The bottleneck that decides whether an AI chip is fast is no longer how many transistors it has. It's how fast those transistors can be fed with data. IBM's latest research bet makes that shift explicit: a new transistor architecture called nanostack, the company says, is built to attack the so-called memory wall by stacking transistors in three dimensions so more fast on-chip memory sits closer to the processor.
At a research event reported by EE Times, IBM framed the design as the first chip-manufacturing technology to break the 1-nanometer threshold, with a 0.7-nm marketing node that packs nearly 100 billion transistors onto a single die. The figure roughly doubles the density of IBM's first 2-nm nanosheet device from 2021 and signals the company's intent to push the so-called "nanosheet" gate-all-around architecture, the same family now entering 3-nm and 2-nm production at TSMC, Samsung, and Intel, into another decade of scaling.
The memory wall is the widening gap between compute speed and the speed at which on-chip memory, typically SRAM, can deliver data to that compute. SRAM is the fastest memory that lives on the processor itself, and cramming more of it into the same physical area is one of the harder problems in chip design. As transistor counts have multiplied, processors have spent more of their cycles waiting for data than doing arithmetic.
IBM's answer is vertical. The company's research publication at VLSI Technology and Circuits 2025 describes nanostack as a 3D stacked architecture: two transistors built on two nanosheets, one stacked above the other, each sheet about 5 nm tall, roughly 15 silicon atoms, with a 9 nm gap between them. Stacking turns a flat transistor layout into a tower, letting designers double density without shrinking the horizontal pitch. IBM research director Jay Gambetta said the company demonstrated roughly a 40% improvement in SRAM scaling compared with 2 nm, framed as a step change in a metric that is becoming more important than raw transistor counts.
The catch is that none of this is on a production line. EE Times reports that IBM vice president of global semiconductor R&D Huiming Bu described nanostack as a device platform intended to keep scaling viable for another decade, with production readiness targeted within five years. That horizon is IBM's own goal, not an industry consensus schedule, and it sits well beyond the 2-nm nanosheet production that IBM and Japanese foundry partner Rapidus are already working toward for next year. The question of which foundry will eventually manufacture nanostack, whether Rapidus, Samsung, or another partner, remains unresolved, according to Gambetta, and IBM has not committed to a transfer.
This is also a research result, not a manufacturing yield. IBM's own press materials and ZDNets coverage of the VLSI 2025 publication frame the 40% SRAM improvement as a demonstration figure, validated in a research setting rather than in a high-volume fab. The "sub-1-nm" and "0.7-nm" labels are also marketing-node names, not literal physical gate lengths or pitches, so comparisons to historical process nodes should be read as IBM's framing, not as a measurement in the same units as older chips.

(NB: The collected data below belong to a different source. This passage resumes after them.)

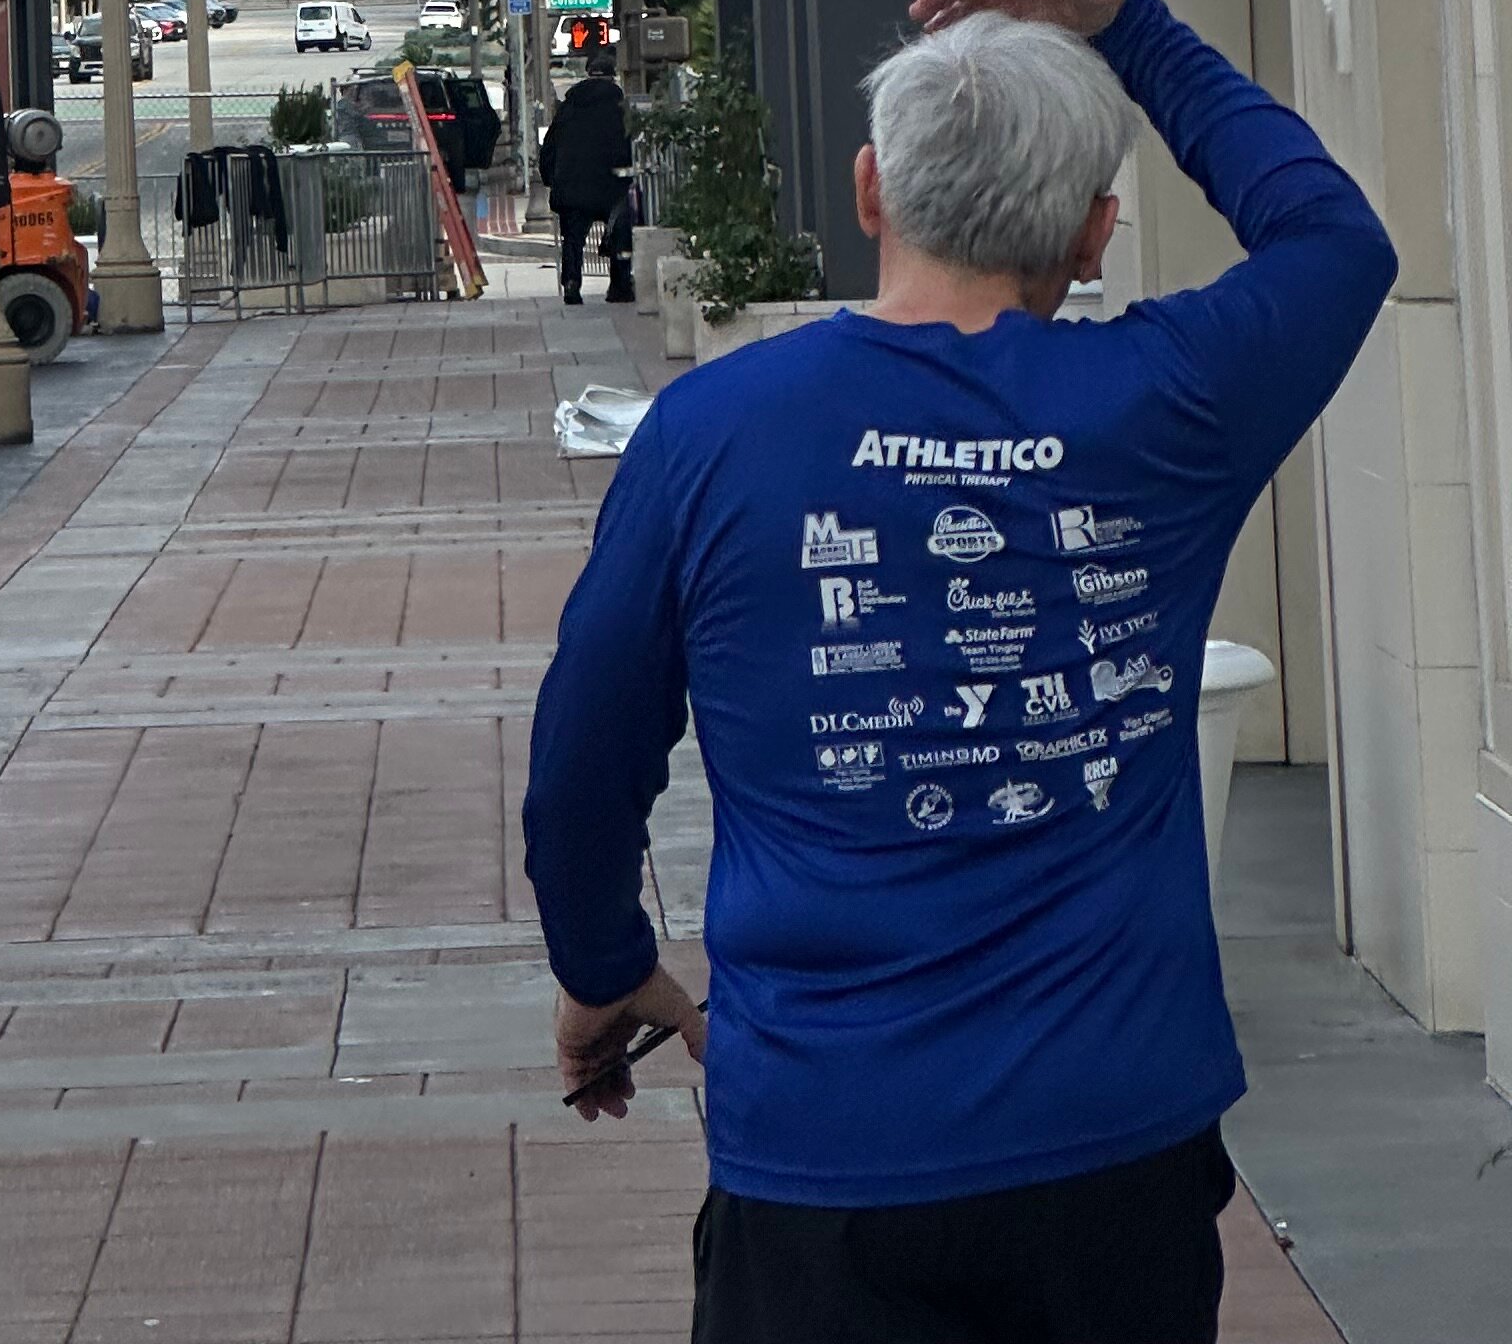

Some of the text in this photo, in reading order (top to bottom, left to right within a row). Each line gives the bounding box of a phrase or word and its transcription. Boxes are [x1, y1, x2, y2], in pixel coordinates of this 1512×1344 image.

[851, 429, 1064, 472] ATHLETICO
[904, 472, 1012, 487] PHYSICAL THERAPY
[935, 535, 999, 550] SPORTS
[1079, 568, 1148, 594] Gibson
[1025, 693, 1072, 714] CVB
[1084, 757, 1118, 781] RRCA
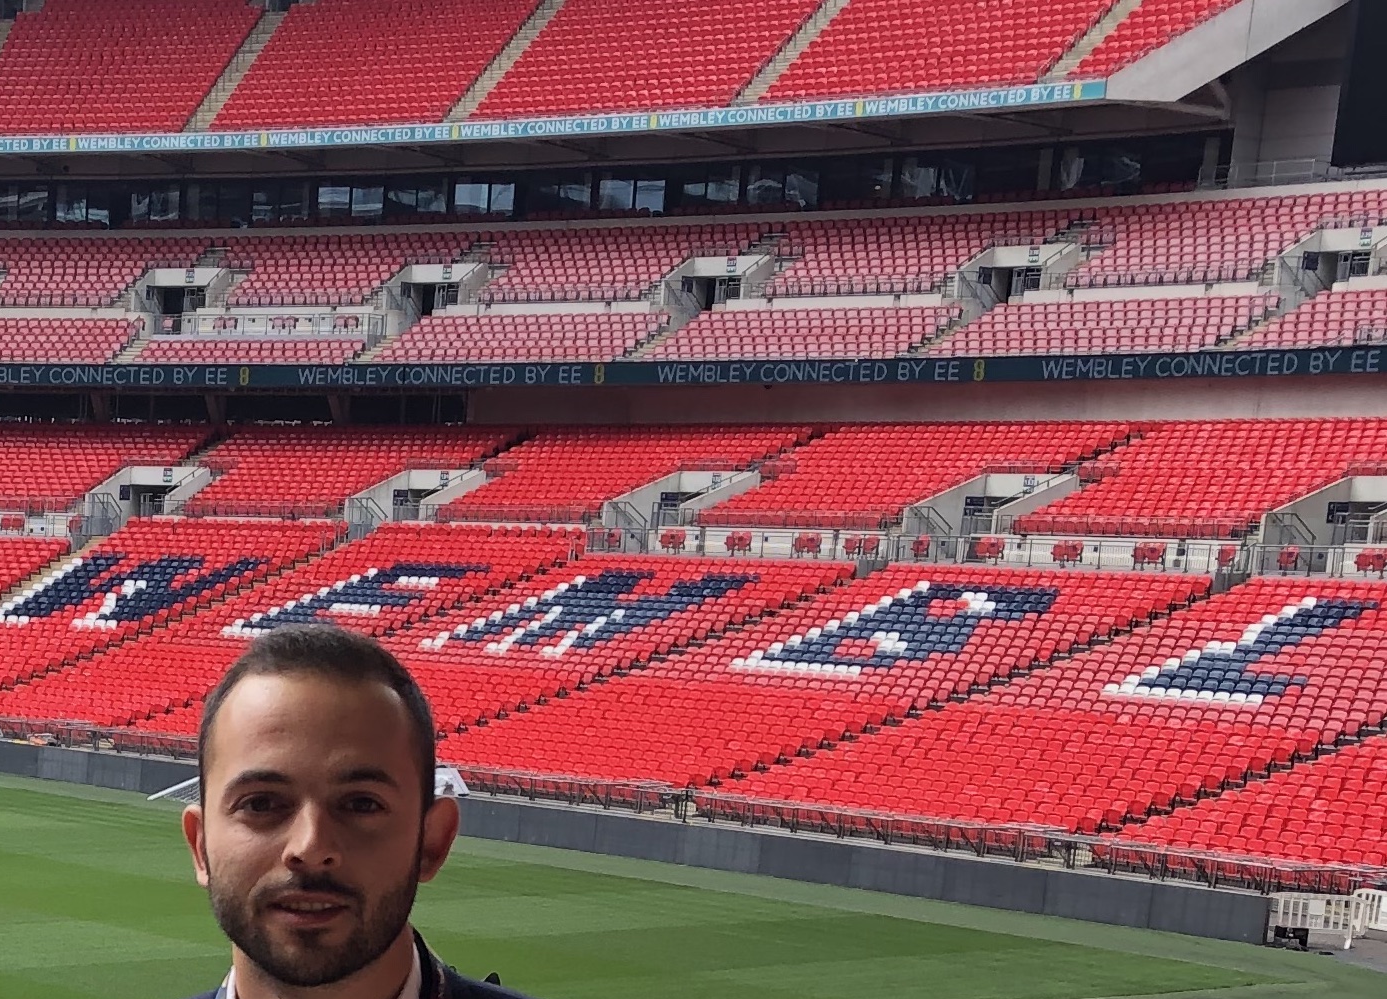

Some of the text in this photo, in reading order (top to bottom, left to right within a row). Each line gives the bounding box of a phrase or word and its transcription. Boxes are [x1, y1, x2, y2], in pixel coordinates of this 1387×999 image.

[865, 86, 1070, 114] WEMBLEY CONNECTED BY EE
[658, 102, 852, 127] WEMBLEY CONNECTED BY EE
[268, 126, 449, 145] WEMBLEY CONNECTED BY EE
[460, 116, 647, 138] WEMBLEY CONNECTED BY EE
[33, 137, 52, 150] BY
[52, 137, 67, 150] EE
[78, 133, 258, 149] WEMBLEY CONNECTED BY EE
[298, 366, 394, 385] WEMBLEY
[395, 366, 515, 385] CONNECTED
[525, 365, 551, 384] BY
[558, 365, 582, 384] EE
[657, 363, 756, 383] WEMBLEY
[760, 361, 887, 382] CONNECTED
[898, 360, 926, 380] BY
[934, 360, 960, 380] EE
[1042, 350, 1381, 379] WEMBLEY CONNECTED BY EE
[49, 366, 164, 384] CONNECTED
[173, 366, 197, 385] BY
[205, 367, 227, 385] EE

The architecture is not the only signal that the industry has accepted the memory-wall framing. EE Times cites Tenstorrent and its Galaxy Blackhole processor, designed by Jim Keller's team, as a chip company actively pushing more SRAM onto the die to scale AI workloads, a third-party example that the architectural shift is happening at the product level, not just in research labs. And IBM and equipment maker Lam Research announced a collaboration in March 2026 to advance sub-1-nm logic scaling, suggesting the design is being lined up against the deposition and etch tooling that any future fab would need.
What to watch next: the foundry partner decision, which turns nanostack from a research result into a real production path; the outcome of the Lam Research collaboration, which will determine whether the equipment side of the supply chain can actually pattern a 0.7-nm-class architecture; and the first 2-nm nanosheet parts from Rapidus, which would tell the industry whether the prior generation is delivering on its own scaling promises before the next stack arrives.